Quantitative Deuterium Isotopic Profiling at Natural Abundance Indicates Mechanistic Differences for Δ12-Epoxidase and Δ12-Desaturase in Vernonia galamensis

Abstract

Quantitative (2)H NMR spectroscopy can determine the natural abundance ((2)H/(1)H) ratio at each site of a molecule. In natural products, variation in these values is related to the reaction mechanisms in the pertinent biosynthetic pathway. For the first time, this novel approach has been exploited to probe for mechanistic differences in the introduction of different functionalities into a long-chain fatty acid. Vernolic acid, a major component of the seed oil of Vernonia galamensis, contains both an epoxide and a desaturation. The site-specific isotopic distribution ((2)H/(1)H)(i) has been determined for both vernolic acid and linoleic acid isolated from the same V. galamensis oil. It is found that the ((2)H/(1)H) ratio of vernolic acid shows a pattern along the entire length of the chain, consistent with linoleic acid being its immediate precursor.
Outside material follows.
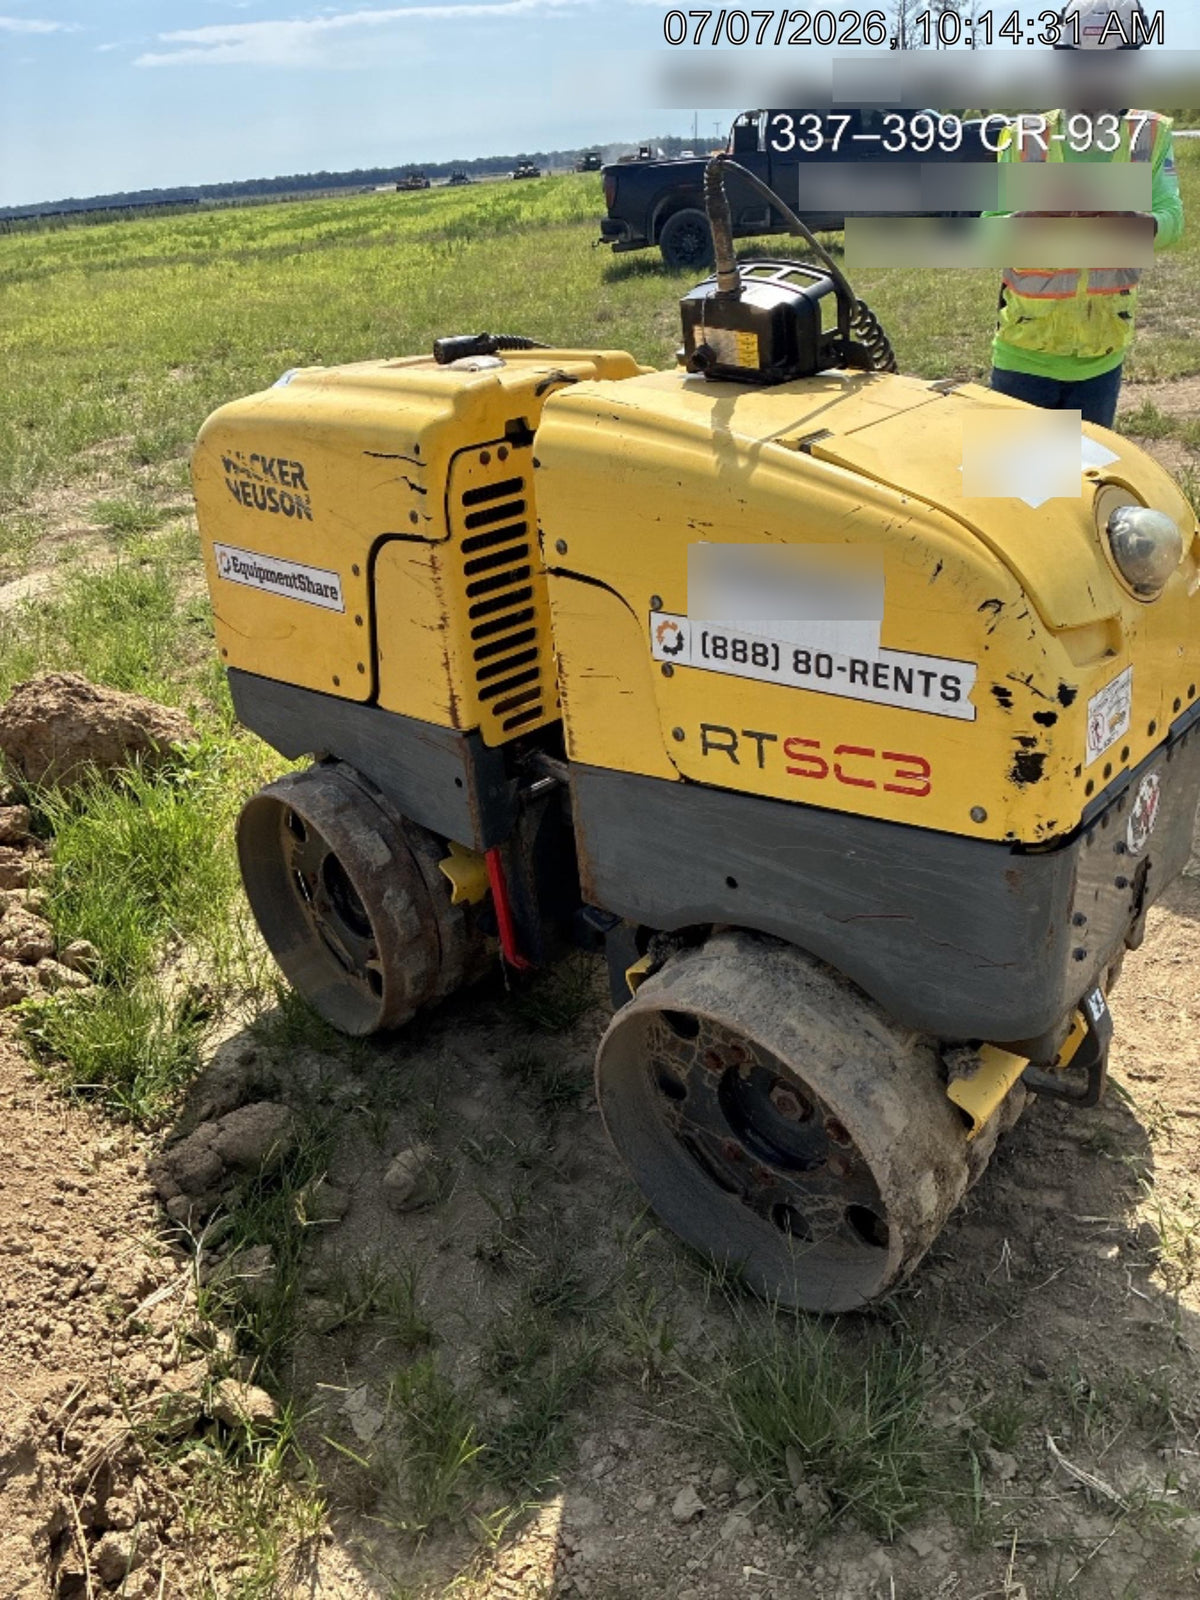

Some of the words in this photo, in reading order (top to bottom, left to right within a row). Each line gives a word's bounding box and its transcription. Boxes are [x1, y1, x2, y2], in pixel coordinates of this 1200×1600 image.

Notably, the C13 relates to the C13 of linoleic acid but not to the C13 of oleic acid. Furthermore, the C12 and C13 positions in vernolic acid are less depleted, consistent with a change in hybridization state from sp(2) to sp(3). However, the C11 position shows a marked relative enrichment in the vernolic acid, implying that it plays a role in the epoxidase but not the desaturase mechanism. Thus, although it can be concluded that the catalytic mechanisms for the epoxidase and desaturase activities are similar, marked differences in the residual ((2)H/(1)H) patterns indicate that the reaction mechanisms are not identical.